Dezesseis anos depois, a Alemanha terá um novo chanceler. Mais de 60 milhões de eleitores estavam aptos a comparecer às urnas neste domingo, 26, para a votação que define a composição do Bundestag, o Parlamento do país - a primeira, desde 2005, que não teve Angela Merkel como candidata.
Além de definir o novo líder da maior economia da Europa pelos próximos quatro anos, as eleições parlamentares alemãs também chamam a atenção do mundo, que observa a direção política que o país vai seguir.
Em uma das corridas eleitorais mais abertas em décadas, três partidos despontam como favoritos: A União Democrática-Cristã (CDU), partido de Merkel, o Partido Social-Democrata (SDP) e o Partido Verde.
Independente de quem seja, o novo chanceler vai assumir com o objetivo de liderar não apenas a Alemanha, mas também a União Europeia, em um momento em que a pandemia de covid-19 representa um grave problema de saúde e econômico, e as relações com atores como EUA, Rússia e China apresentam desafios específicos.

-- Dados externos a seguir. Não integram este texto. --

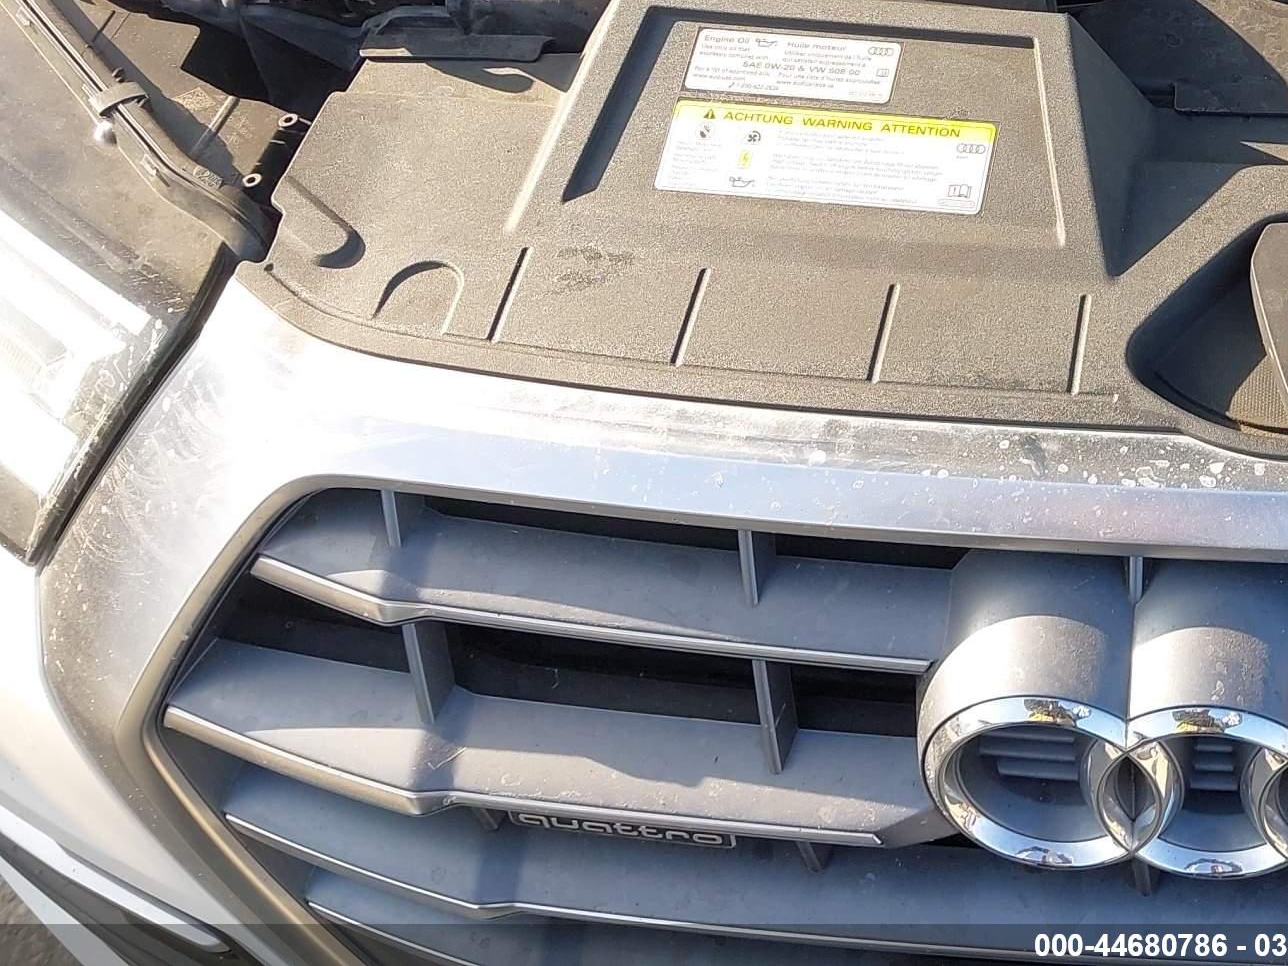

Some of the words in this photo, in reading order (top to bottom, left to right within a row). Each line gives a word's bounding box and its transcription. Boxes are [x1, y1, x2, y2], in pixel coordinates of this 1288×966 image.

[704, 34, 735, 43] Engine
[737, 36, 750, 44] Oil
[787, 41, 811, 49] Huile
[812, 43, 847, 51] moteur
[742, 61, 762, 69] SAE
[765, 63, 795, 71] 0W-20
[723, 111, 794, 125] ACHTUNG
[802, 117, 873, 131] WARNING
[880, 124, 961, 138] ATTENTION
[518, 813, 723, 844] quattro
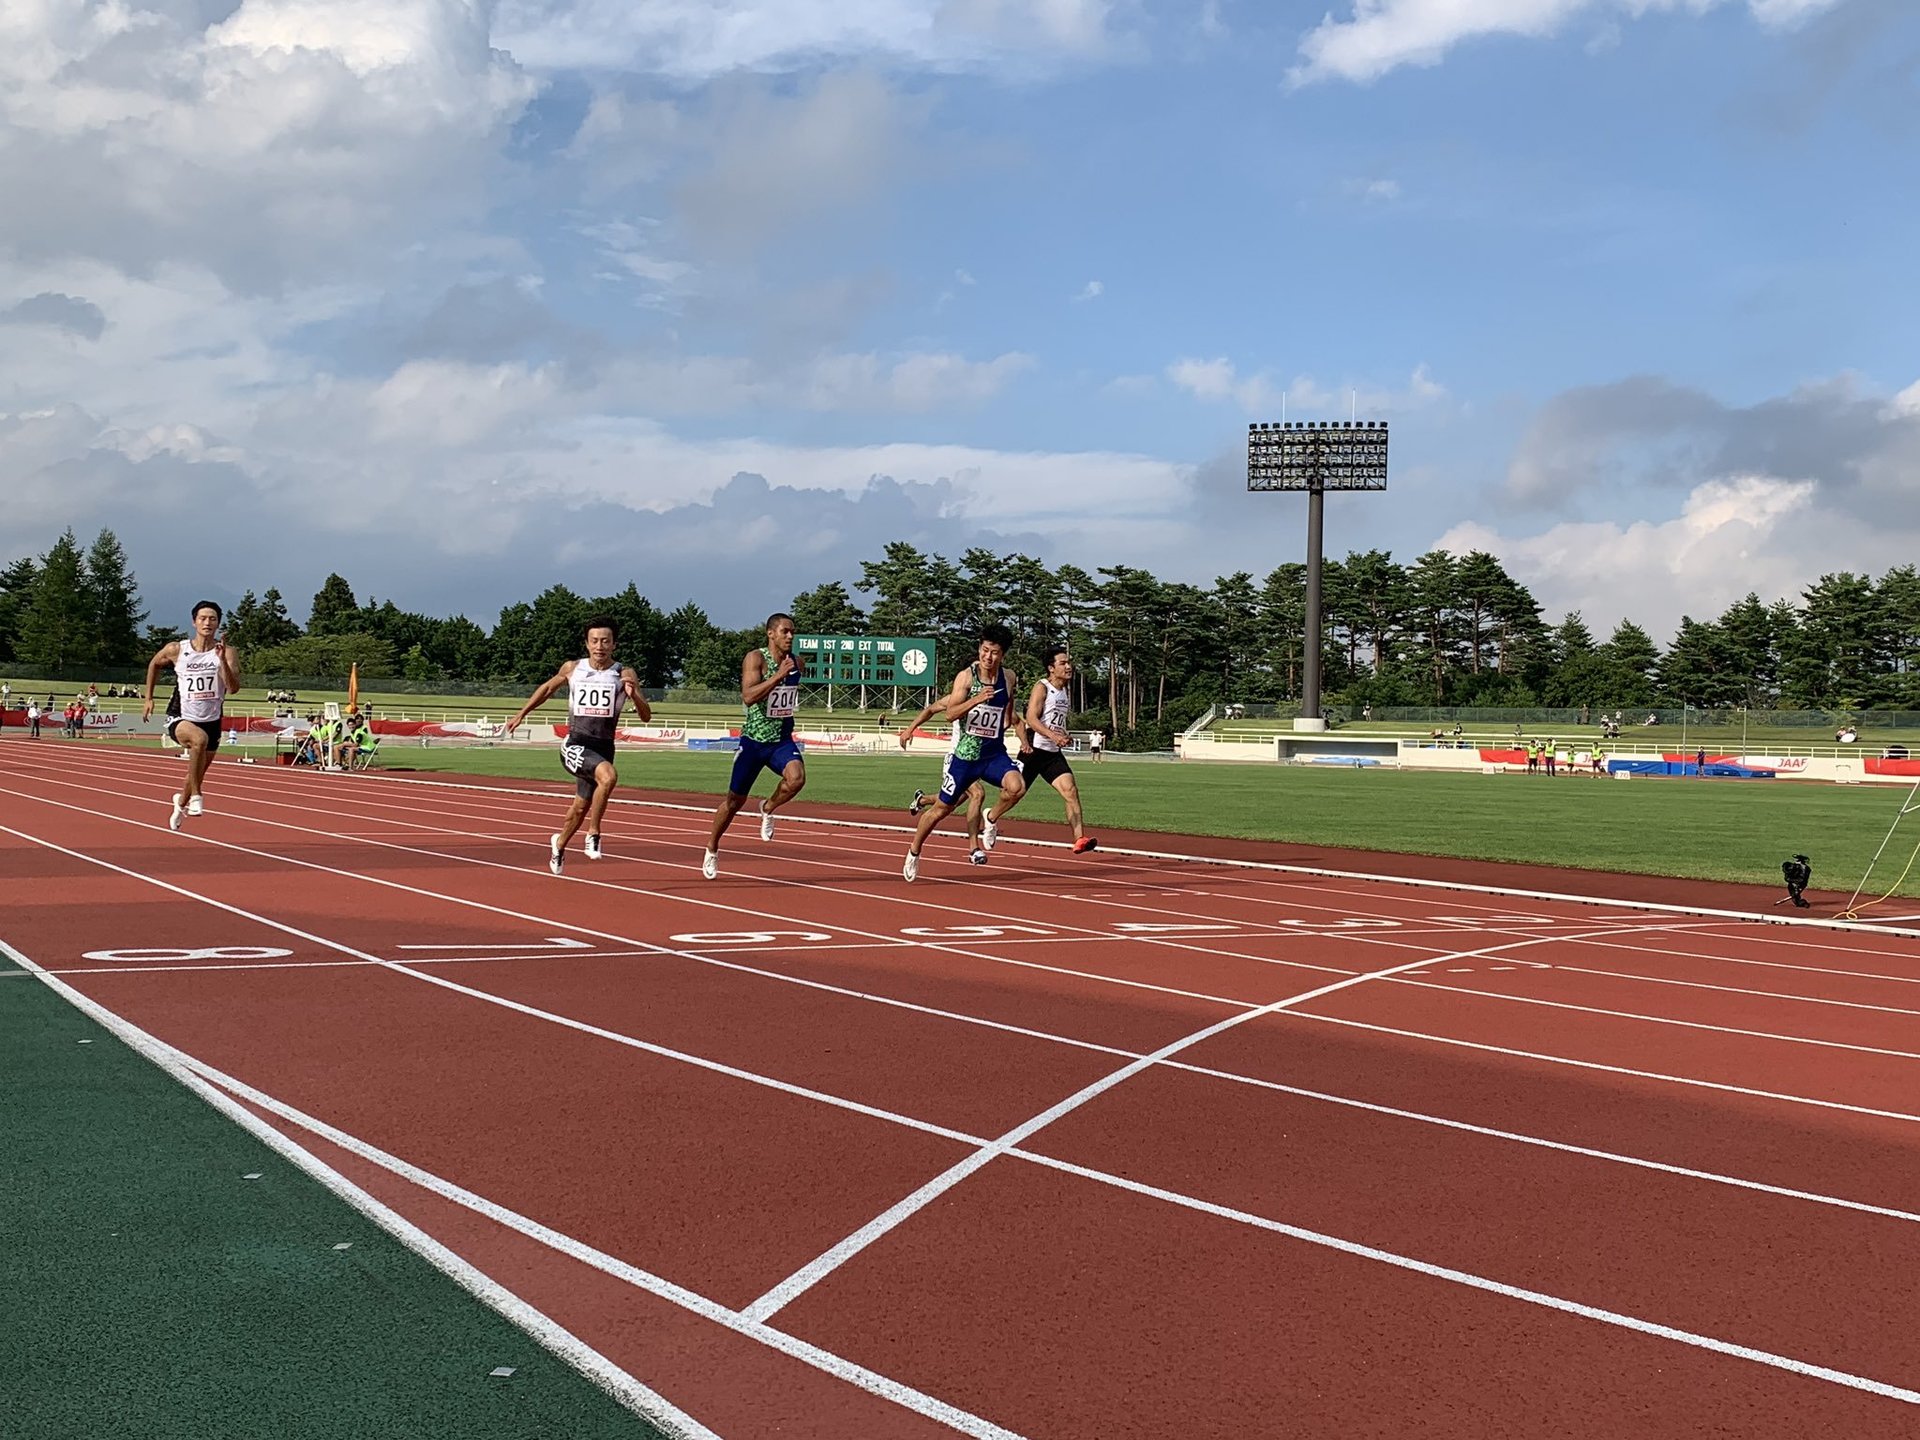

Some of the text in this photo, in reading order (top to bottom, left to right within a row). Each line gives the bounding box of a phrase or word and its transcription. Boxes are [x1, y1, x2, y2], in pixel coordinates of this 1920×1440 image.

[799, 639, 895, 652] TEAM 1ST 2ND EXT TOTAL
[186, 661, 216, 669] KOREA
[186, 676, 215, 692] 207
[578, 689, 611, 707] 205
[90, 714, 118, 725] JAAF
[970, 709, 999, 729] 202
[1051, 711, 1065, 727] 20
[658, 729, 683, 738] JAAF
[832, 733, 856, 742] JAAF
[566, 746, 583, 769] 205
[1777, 757, 1809, 768] JAAF
[1108, 922, 1242, 932] 4
[1278, 918, 1403, 928] 3
[900, 925, 1060, 937] 5
[669, 931, 832, 944] 6
[80, 946, 294, 962] 8

Veja o que você precisa saber sobre as eleições na Alemanha
Quem são os candidatos a chanceler na Alemanha?
Ao contrário do Brasil, onde o eleitor escolhe o chefe do Executivo pelo candidato, os alemães não votam diretamente no nome do próximo chanceler, e sim no partido. No entanto, as principais legendas envolvidas na disputa já anunciaram seus aspirantes ao cargo.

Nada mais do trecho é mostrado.